[Start of section]

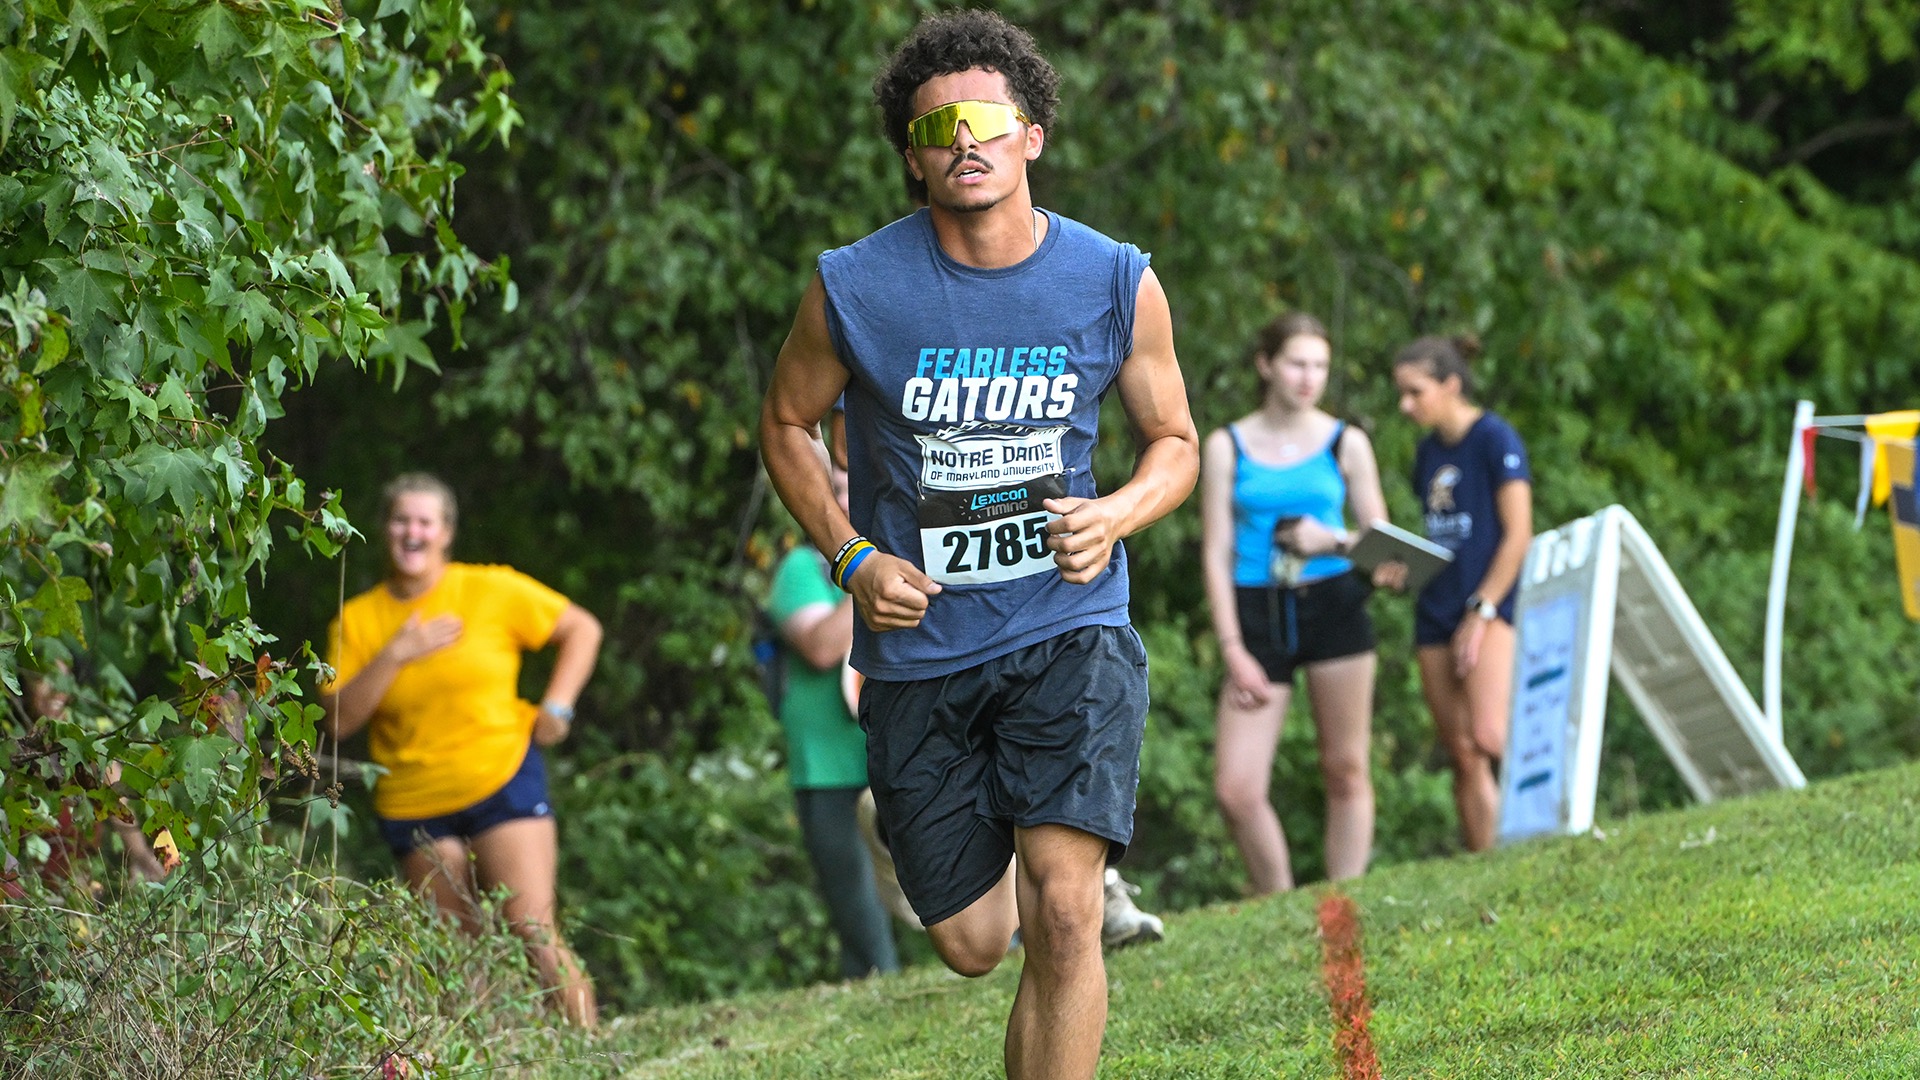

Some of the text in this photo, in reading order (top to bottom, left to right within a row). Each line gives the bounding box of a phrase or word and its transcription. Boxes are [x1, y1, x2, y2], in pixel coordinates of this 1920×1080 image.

[916, 346, 1068, 380] FEARLESS
[902, 374, 1079, 422] GATORS
[930, 443, 1054, 468] NOTRE DAME
[930, 462, 1055, 482] OF MARYLAND UNIVERSITY
[979, 500, 1029, 518] TIMING
[942, 516, 1051, 574] 2785
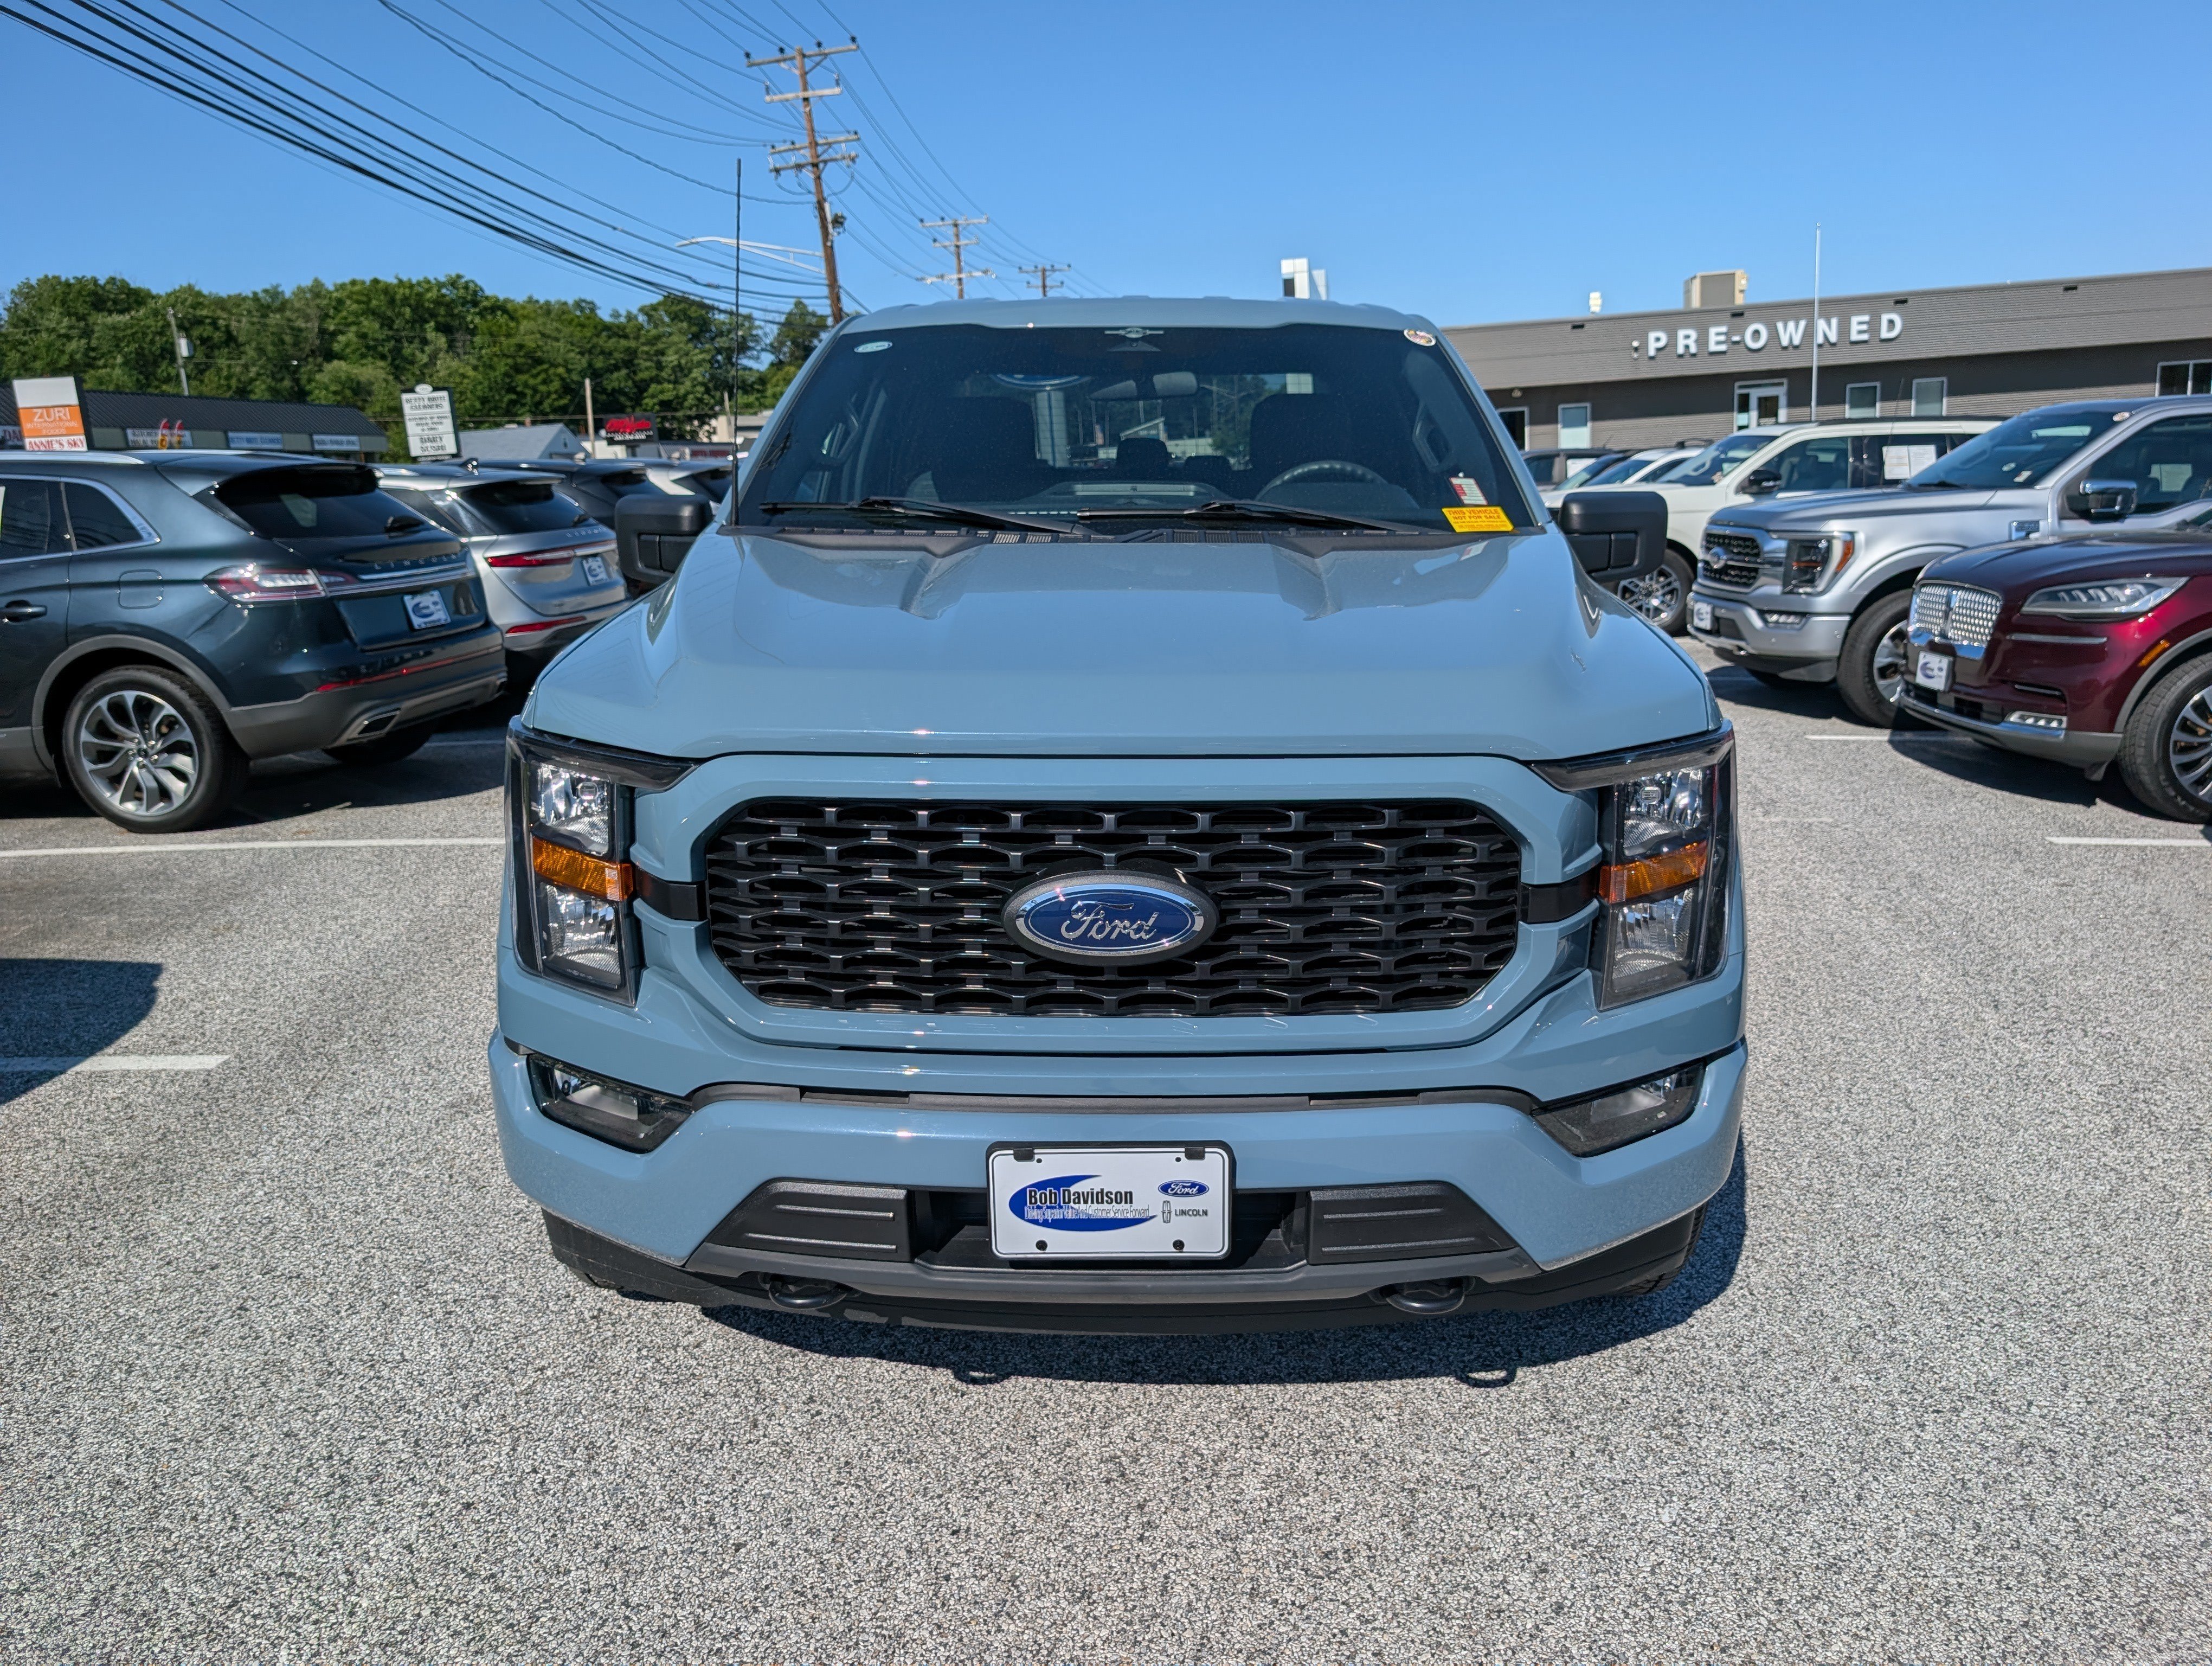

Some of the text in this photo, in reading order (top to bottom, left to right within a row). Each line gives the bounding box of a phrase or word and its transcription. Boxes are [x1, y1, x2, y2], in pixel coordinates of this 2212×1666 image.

[1647, 312, 1904, 358] PRE-OWNED
[33, 407, 70, 422] ZURI
[26, 420, 78, 428] INTERNATIONAL
[28, 438, 85, 451] ANNIE'S SKY
[1060, 900, 1159, 940] Ford
[1168, 1182, 1199, 1194] Ford
[1028, 1187, 1133, 1205] Bob Davidson
[1088, 1205, 1111, 1218] Customer
[1111, 1205, 1129, 1218] Service
[1129, 1204, 1149, 1218] Forward
[1174, 1208, 1208, 1216] LINCOLN

[End of section]

= EXERCISE BRIEF =
Return the full listing exactly as it appears above, without its pictures.

= WRITTEN RESPONSE =
Some of the text in this photo, in reading order (top to bottom, left to right within a row). Each line gives the bounding box of a phrase or word and its transcription. Boxes are [x1, y1, x2, y2], in pixel coordinates of this 1920×1080 image.

[916, 346, 1068, 380] FEARLESS
[902, 374, 1079, 422] GATORS
[930, 443, 1054, 468] NOTRE DAME
[930, 462, 1055, 482] OF MARYLAND UNIVERSITY
[979, 500, 1029, 518] TIMING
[942, 516, 1051, 574] 2785

Some of the text in this photo, in reading order (top to bottom, left to right within a row). Each line gives the bounding box of a phrase or word and its transcription. Boxes are [x1, y1, x2, y2], in pixel coordinates of this 2212×1666 image.

[1647, 312, 1904, 358] PRE-OWNED
[33, 407, 70, 422] ZURI
[26, 420, 78, 428] INTERNATIONAL
[28, 438, 85, 451] ANNIE'S SKY
[1060, 900, 1159, 940] Ford
[1168, 1182, 1199, 1194] Ford
[1028, 1187, 1133, 1205] Bob Davidson
[1088, 1205, 1111, 1218] Customer
[1111, 1205, 1129, 1218] Service
[1129, 1204, 1149, 1218] Forward
[1174, 1208, 1208, 1216] LINCOLN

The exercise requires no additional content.